The producers Saltzman and Albert R. Broccoli chose John Barry to score the film. Barry had not only arranged and conducted the "James Bond Theme" from the previous film, but had already scored some films such as Beat Girl and Never Let Go. Barry's group also charted at No. 13 in the November 1962 UK Singles Chart with a different arrangement of the Bond theme from that heard in the film.

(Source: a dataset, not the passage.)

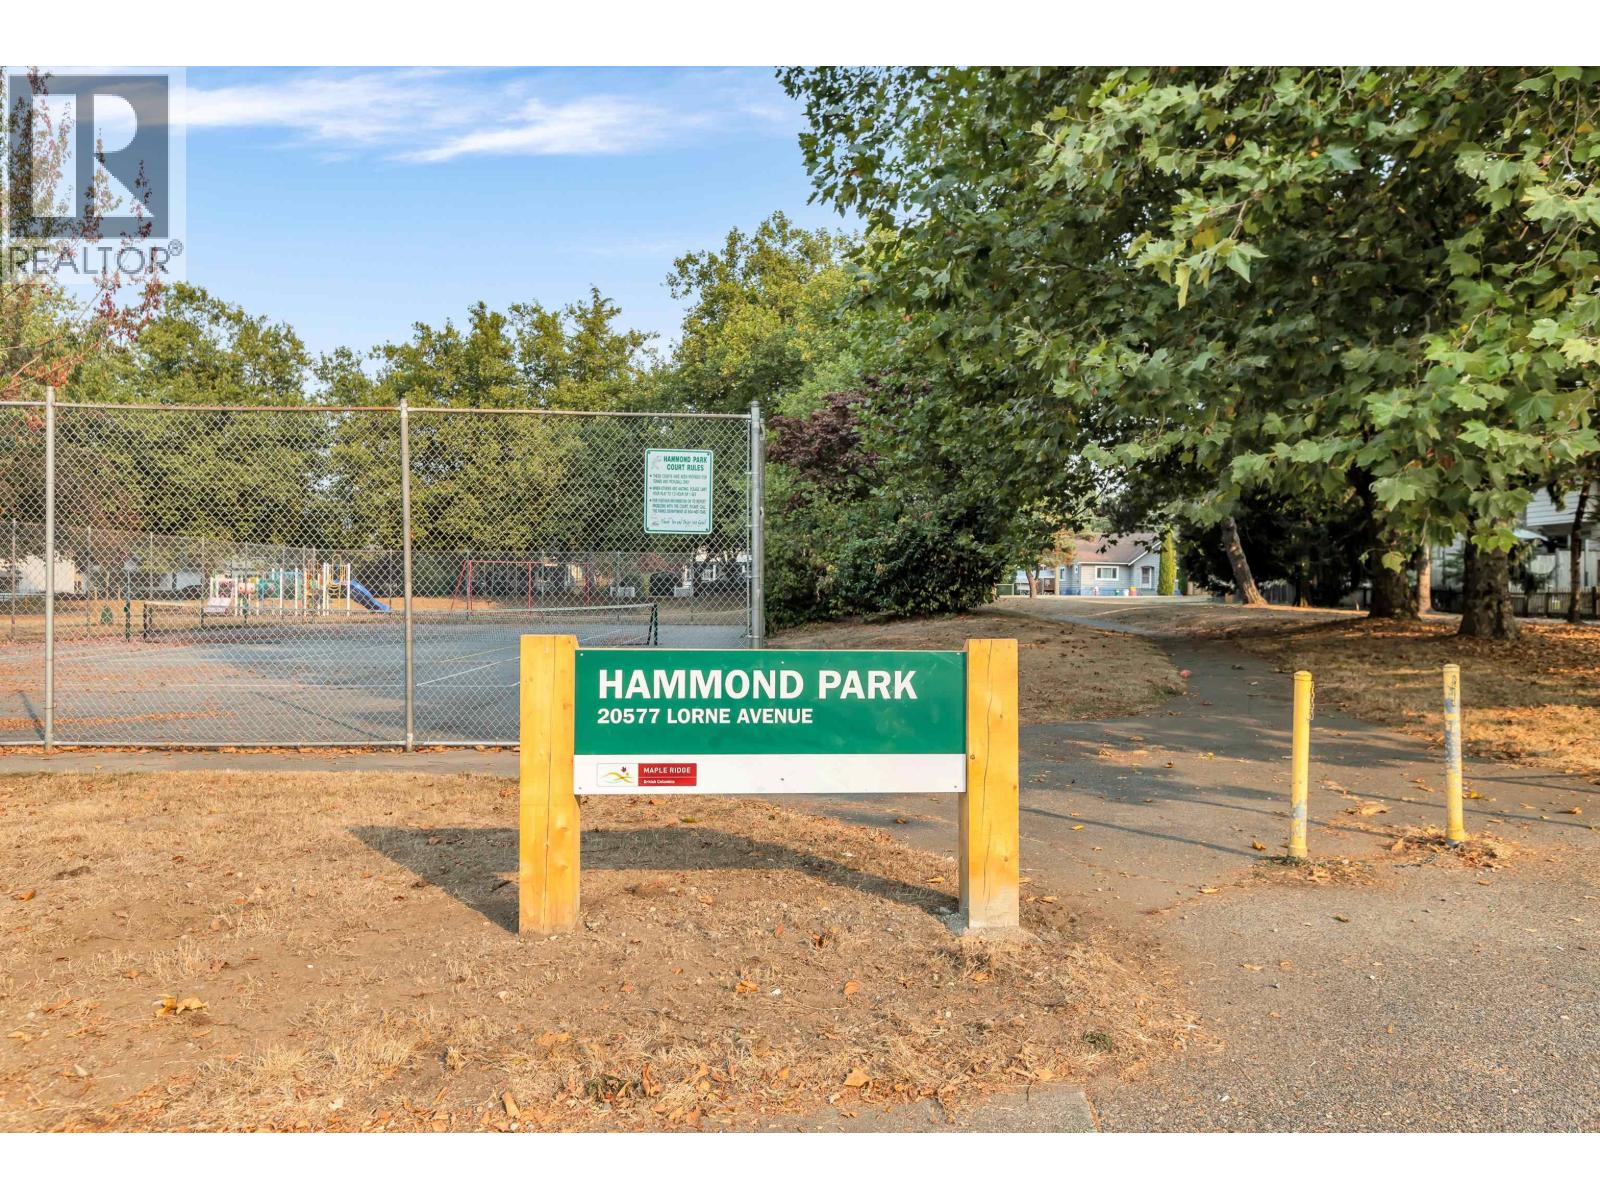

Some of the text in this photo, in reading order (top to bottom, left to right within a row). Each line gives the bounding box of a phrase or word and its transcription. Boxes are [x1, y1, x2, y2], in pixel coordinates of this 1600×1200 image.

[598, 669, 918, 700] HAMMOND PARK
[597, 708, 813, 724] 20577 LORNE AVENUE

The title song was sung by Matt Monro. Monro's vocal version is played during the film (as source music on a radio) and properly over the film's end titles. The title credit music is a lively instrumental version of the tune preceded by a brief Barry-composed "James Bond Is Back" then segueing into the "James Bond Theme". On the original film soundtrack, Alan Haven played a jazzy organ over the theme but this version was not released on the soundtrack album. The tune also appears in a soft string arrangement as a theme for Tatiana Romanova (Daniela Bianchi). In Germany, the original release featured an end title track cover version called "Die Wolga ist Weit" sung by Ruthe Berlé.

Originally planning to use local Turkish music as Norman had used Jamaican music on Dr. No, Barry accompanied the film crew to Istanbul, however he found nothing suitable for the film.

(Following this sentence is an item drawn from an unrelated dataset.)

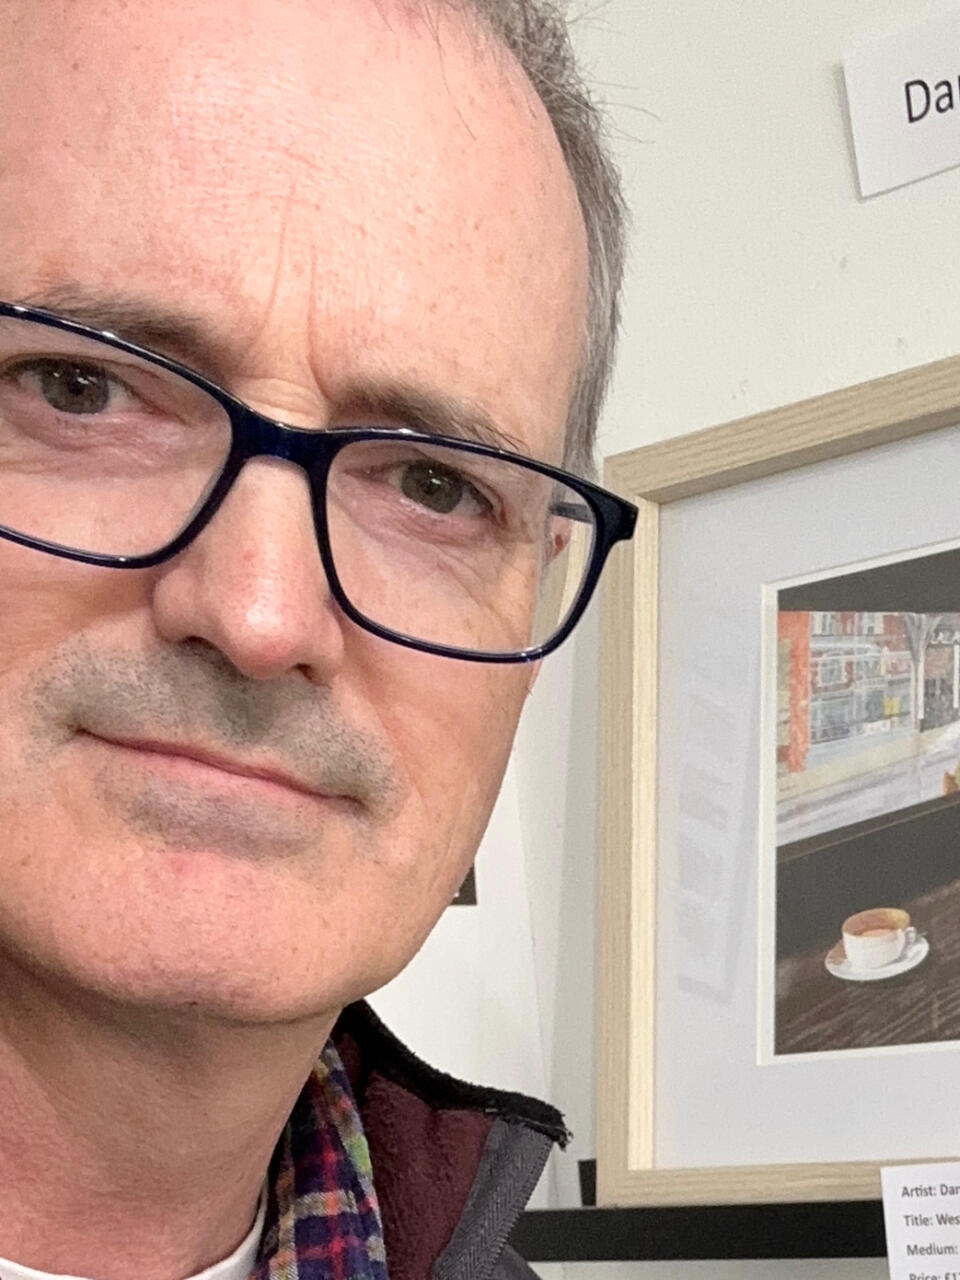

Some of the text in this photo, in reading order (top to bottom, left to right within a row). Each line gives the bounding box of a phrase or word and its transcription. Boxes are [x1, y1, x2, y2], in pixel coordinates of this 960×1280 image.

[901, 1185, 937, 1198] Artist:
[904, 1214, 933, 1227] Title:
[906, 1242, 959, 1257] Medium:

Recalling his visit to Istanbul, John Barry said, "It was like no place I'd ever been in my life. [The Trip] was supposedly to seep up the music, so Noel Rogers and I used to go 'round to these nightclubs and listen to all this stuff. We had the strangest week, and really came away with nothing, except a lot of ridiculous stories. We went back, talked to Lionel, and then he wrote 'From Russia with Love.

==Album and cover versions==
The soundtrack's original recordings are thought to be lost and did not appear when the Bond soundtrack albums were issued in remastered form on CD. The album is different from the film with the album's recording of the main titles sounding slower and not featuring the organ played by Alan Haven. Several tracks on the album do not appear in the completed film. The album was the last of the Bond soundtrack albums to feature more than the usual six tracks per record side.

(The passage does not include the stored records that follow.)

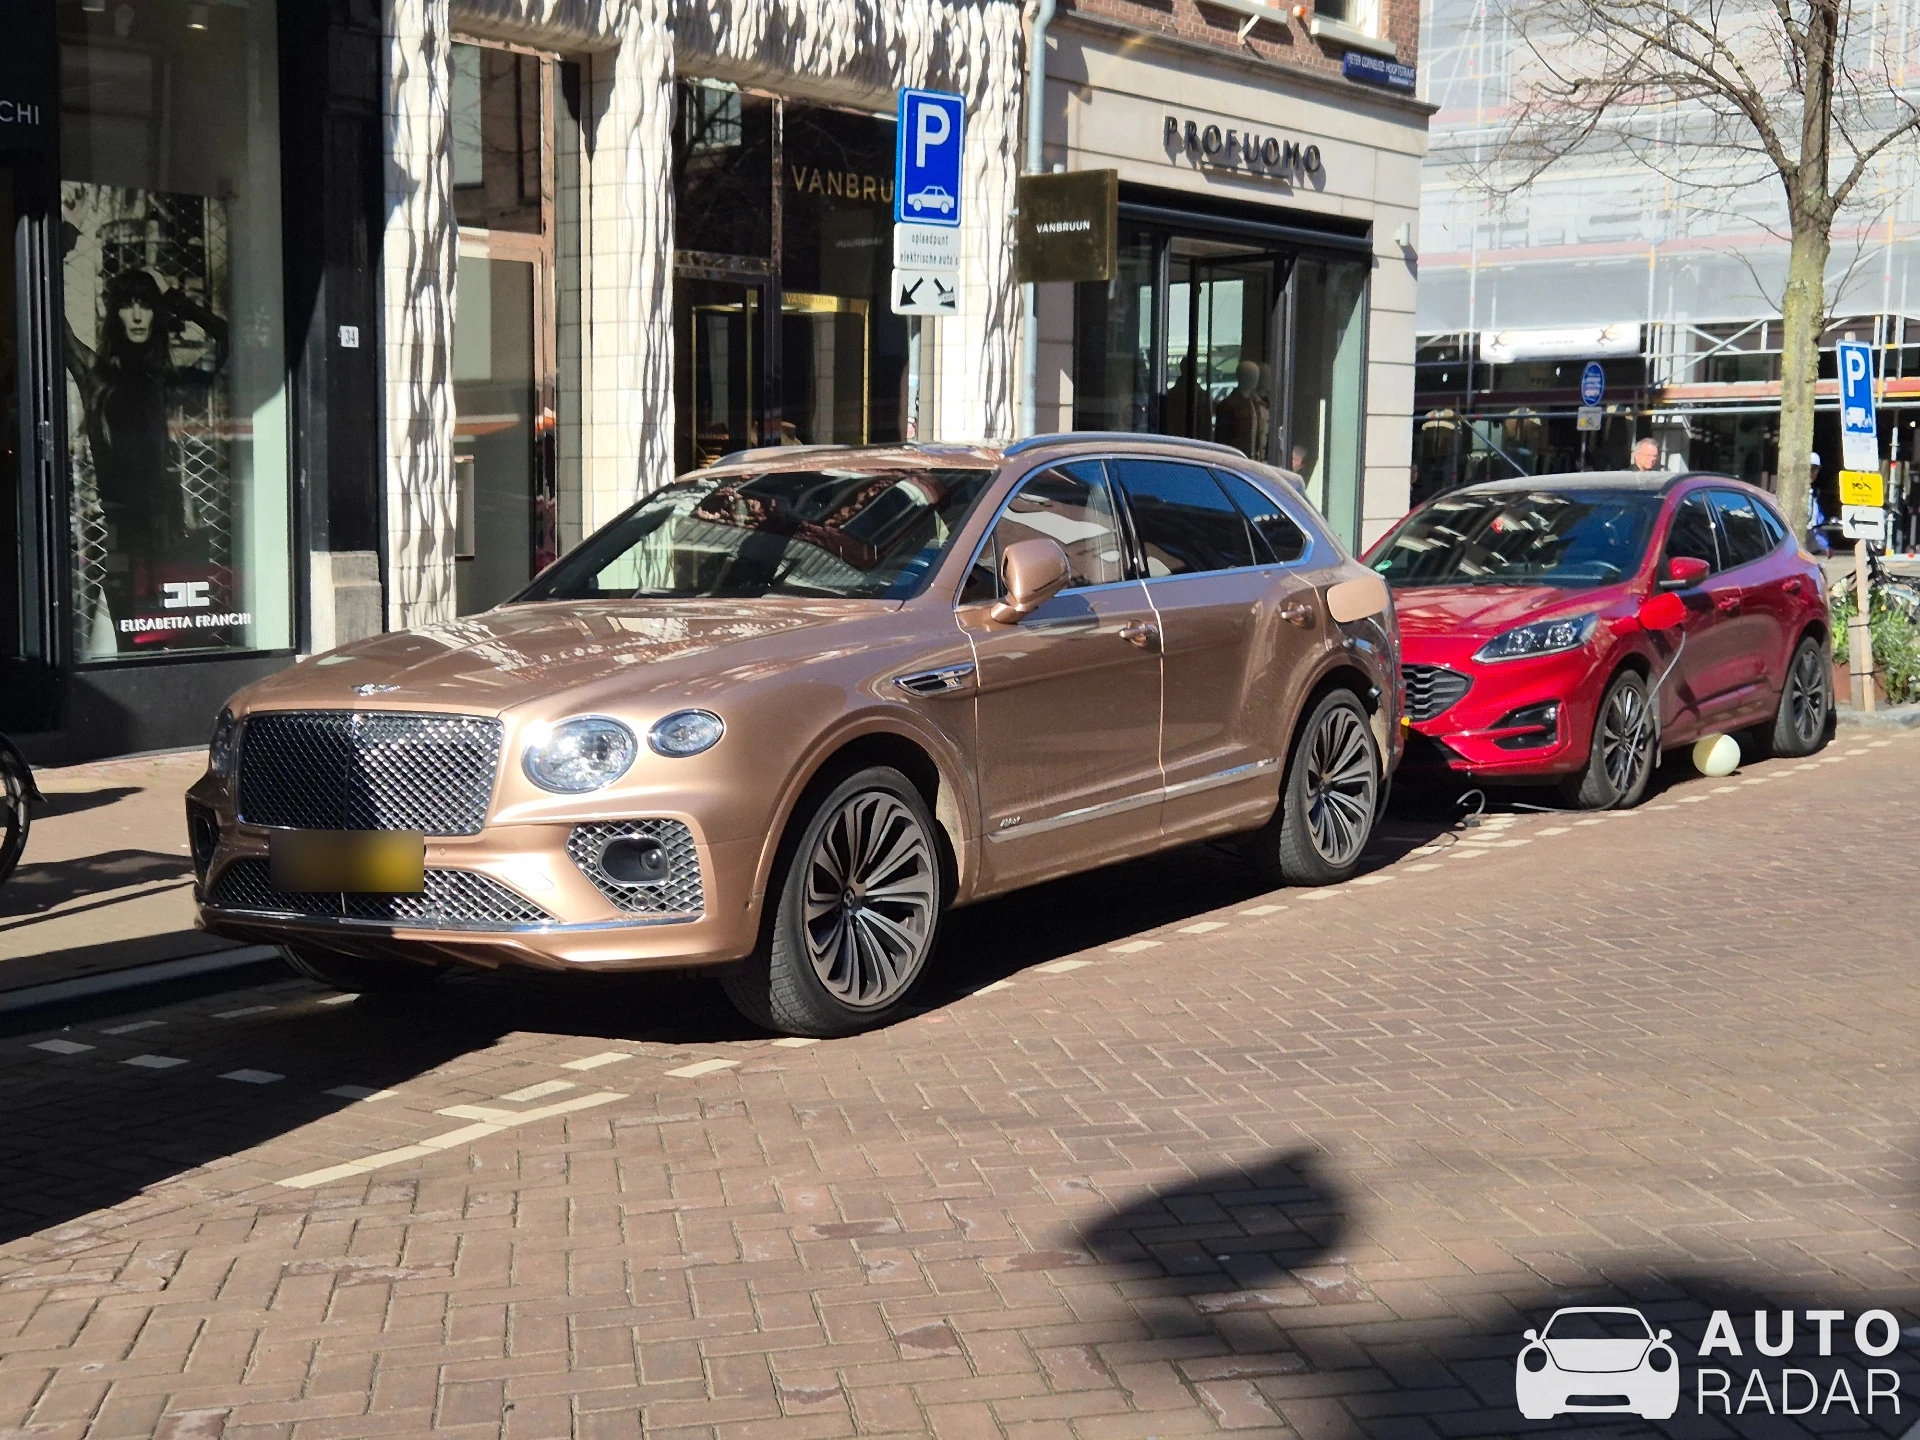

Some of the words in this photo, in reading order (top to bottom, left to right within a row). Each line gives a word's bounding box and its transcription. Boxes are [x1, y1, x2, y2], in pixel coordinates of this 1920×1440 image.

[916, 102, 950, 168] P
[1163, 115, 1321, 173] PROFUOMO
[791, 165, 894, 203] VANBRU
[1036, 220, 1091, 234] VANBRUUN
[911, 232, 949, 246] oplaadpunt
[900, 250, 937, 264] elektrische
[345, 328, 356, 345] 34
[1845, 350, 1866, 398] P
[120, 615, 193, 633] ELISABETTA
[195, 612, 252, 628] FRANCHI

The soundtrack album reached No. 28 on the Variety charts in March 1964 with the title song becoming Unart Music's most recorded song. Other cover versions of the "James Bond Theme" were also released to coincide with the film. Barry also released different cover versions of the title song and "007" on his Ember records for the pop charts. The Roland Shaw Orchestra performed cover versions of most of the music of Barry's soundtrack on several albums.

==Track listing==
1. "Opening Titles: James Bond Is Back/From Russia with Love/James Bond Theme" (Note: Contains elements of the "James Bond Theme", originally composed for the Dr. No soundtrack.) (different arrangement from that heard in the film)
2. "Tania Meets Klebb"
3. "Meeting in St. Sophia"
4. "The Golden Horn" (Note: Not heard in the film.)
5. "Girl Trouble"
6. "Bond Meets Tania"
7. "007"
8. "Gypsy Camp"
9. "Death of Grant"
10. "From Russia with Love" – Matt Monro
11. "SPECTRE Island"
12. "Guitar Lament"
13. "Man Overboard/SMERSH in Action"
14. "James Bond with Bongos"
15. "Stalking"
16. "Leila Dances"
17. "Death of Kerim"
18. "007 Takes the Lektor"

- Not heard in the film

==Outside the film==
- In 1965, KYW-TV in Philadelphia adopted the "007 Takes The Lektor" track as its longtime theme for its Eyewitness News format. It went on to be used in other Group W stations in Boston, Pittsburgh, Baltimore and San Francisco for their newscasts. Two years later, "007 Takes The Lektor" would be recycled for further Bond use, in the Little Nellie autogyro scene in You Only Live Twice.
- The 2003 Linkin Park song "Faint" uses a reversed sample of the track "Tania Meets Klebb" as its string intro.
- The podcast Mueller, She Wrote uses an instrumental version of the theme song as its intro and outro theme music. This serves as a humorous theme, as the podcast centres on Russian relations to the presidential campaign for Donald Trump in 2016, and the following special counsel investigation led by Robert Mueller.